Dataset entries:
▼
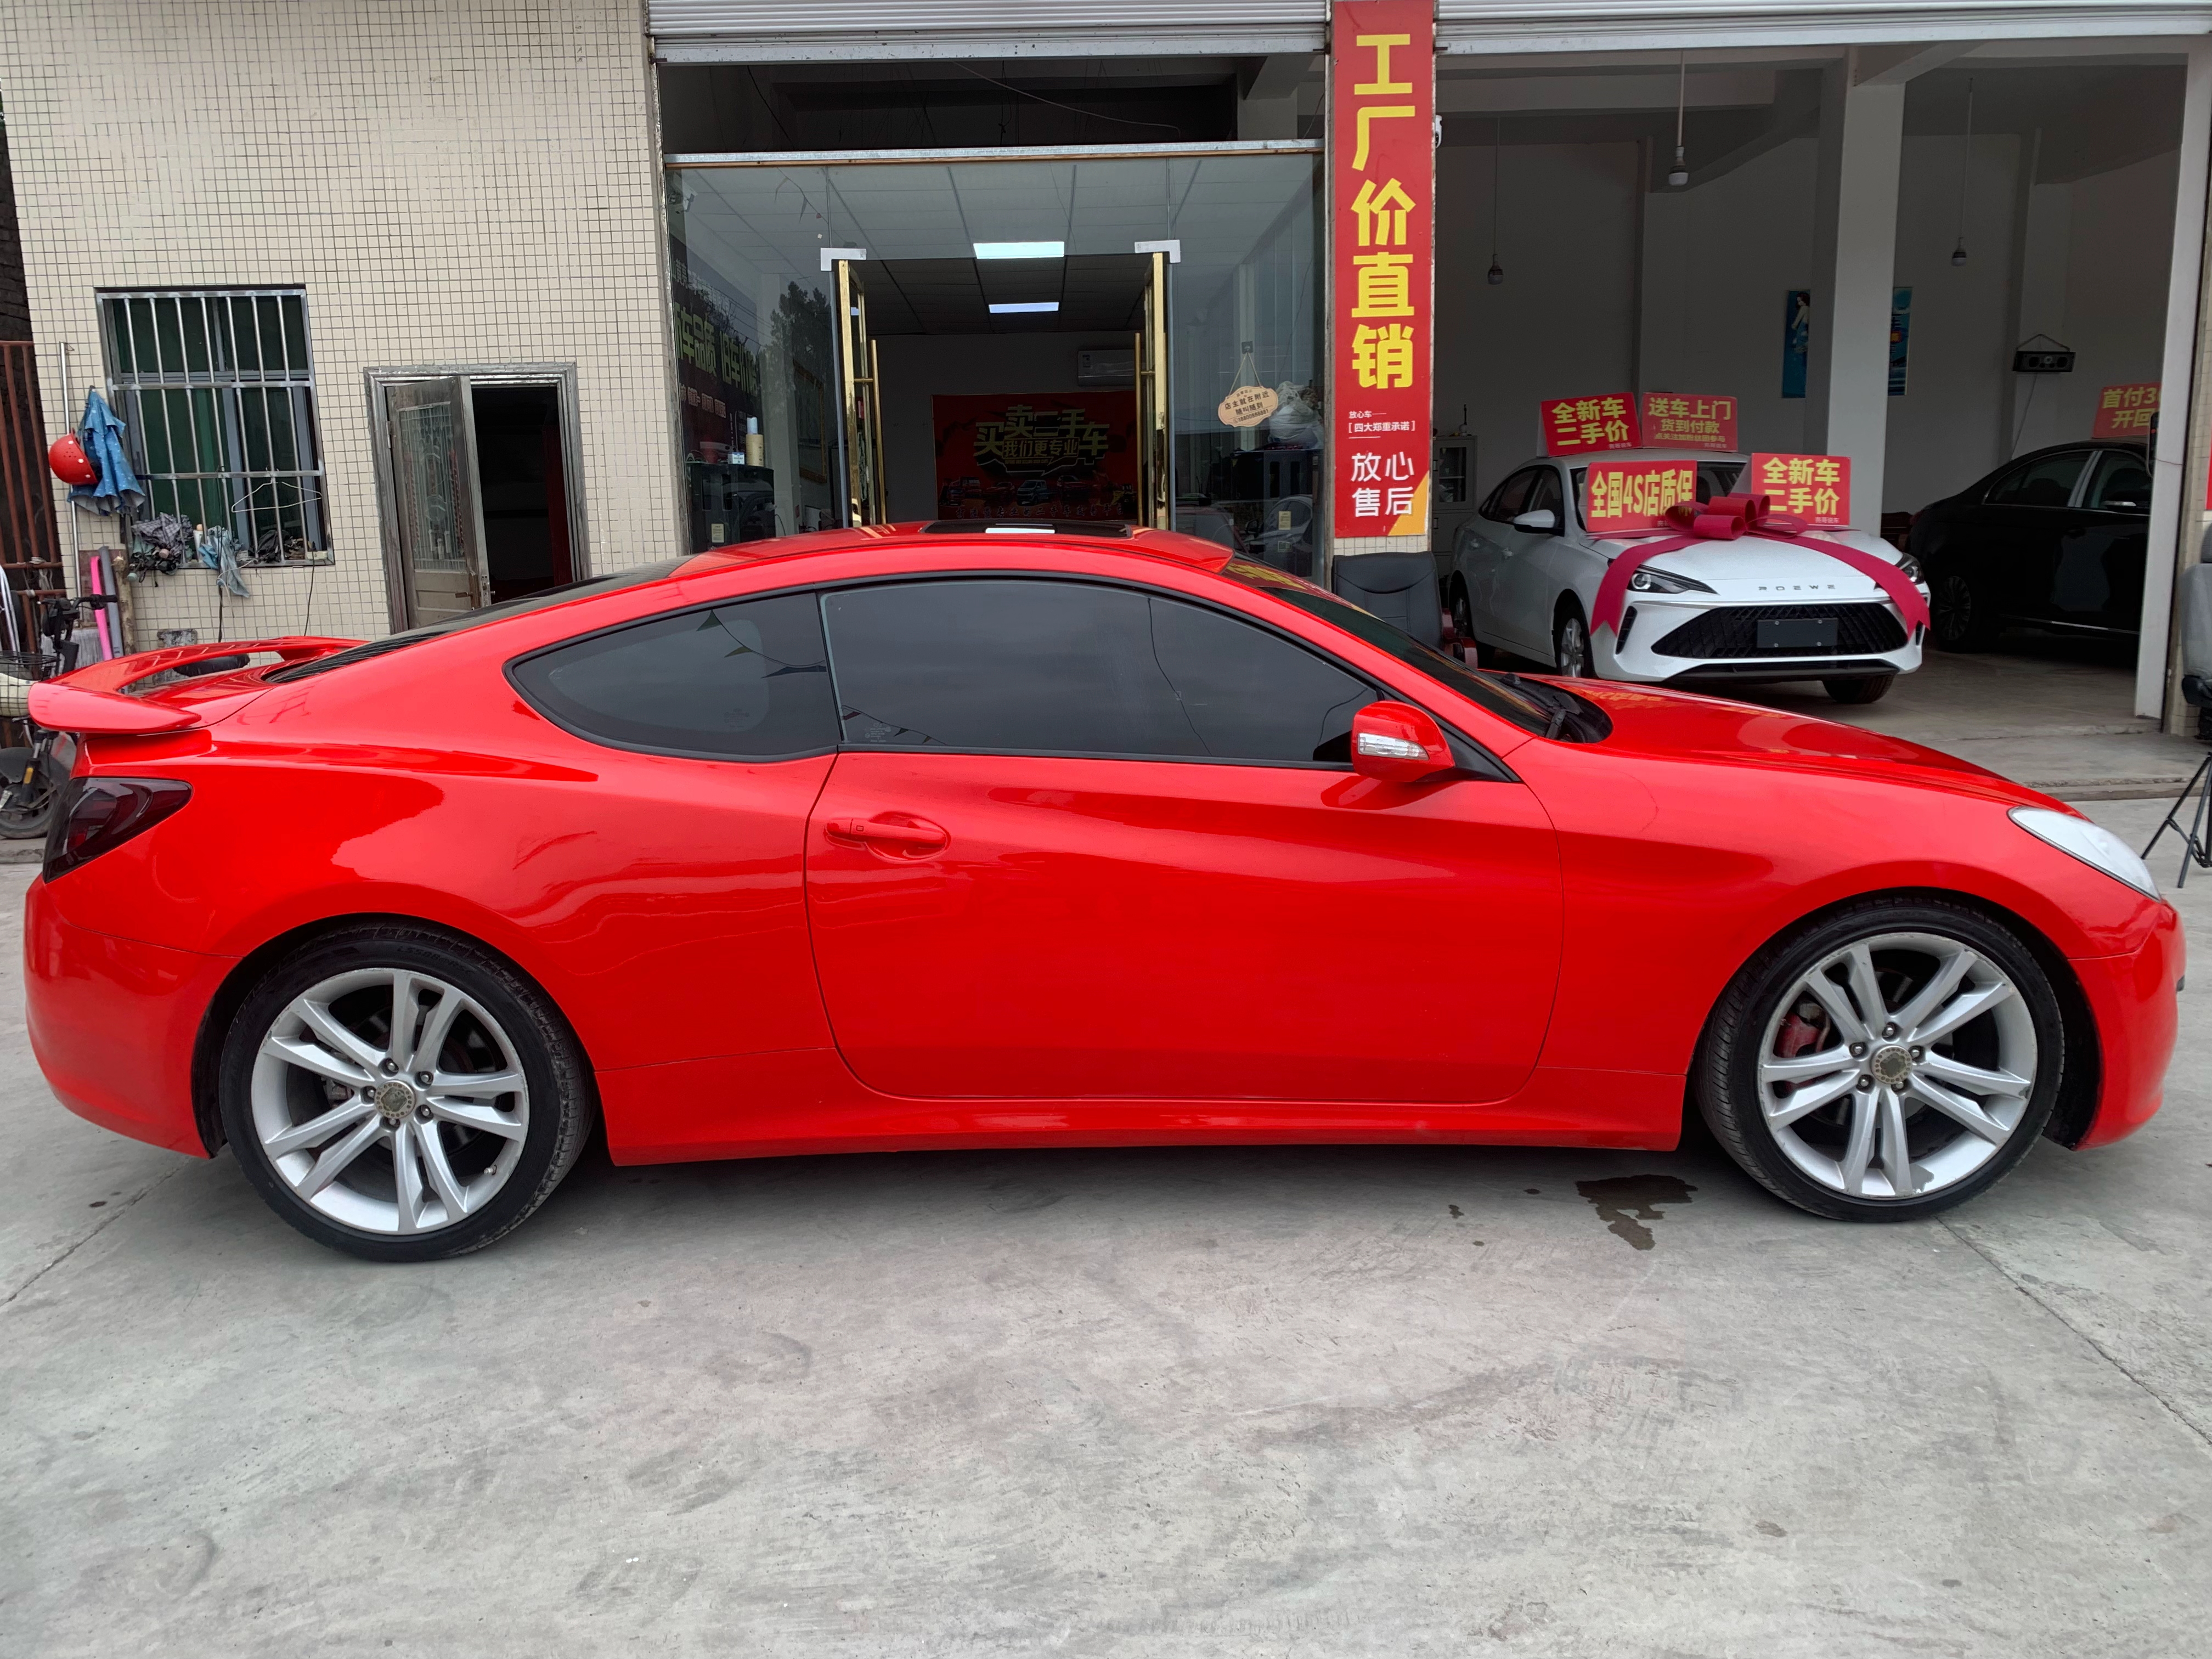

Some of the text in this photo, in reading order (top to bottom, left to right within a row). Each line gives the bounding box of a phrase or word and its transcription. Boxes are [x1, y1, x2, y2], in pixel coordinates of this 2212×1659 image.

[1351, 33, 1415, 389] 工厂价直销
[1225, 391, 1269, 410] 店主就在附近
[1552, 397, 1627, 424] 全新车
[1649, 397, 1731, 420] 送车上门
[2102, 386, 2161, 409] 首付3
[973, 404, 1110, 458] 买卖二手车
[1556, 420, 1629, 446] 二手价
[1661, 419, 1720, 434] 货到付款
[1003, 439, 1079, 458] 我们更专业
[1351, 452, 1415, 482] 放心
[1762, 457, 1841, 486] 全新车
[1351, 486, 1414, 517] 售后
[1591, 469, 1693, 518] 全国4S店质保
[1763, 488, 1840, 515] 二手价
▲
Your goal
Set down a word-for-word copy of the records, dropping any picture.

Your response
Some of the text in this photo, in reading order (top to bottom, left to right within a row). Each line gives the bounding box of a phrase or word and its transcription. Boxes are [x1, y1, x2, y2], in pixel coordinates of this 2212×1659 image.

[1351, 33, 1415, 389] 工厂价直销
[1225, 391, 1269, 410] 店主就在附近
[1552, 397, 1627, 424] 全新车
[1649, 397, 1731, 420] 送车上门
[2102, 386, 2161, 409] 首付3
[973, 404, 1110, 458] 买卖二手车
[1556, 420, 1629, 446] 二手价
[1661, 419, 1720, 434] 货到付款
[1003, 439, 1079, 458] 我们更专业
[1351, 452, 1415, 482] 放心
[1762, 457, 1841, 486] 全新车
[1351, 486, 1414, 517] 售后
[1591, 469, 1693, 518] 全国4S店质保
[1763, 488, 1840, 515] 二手价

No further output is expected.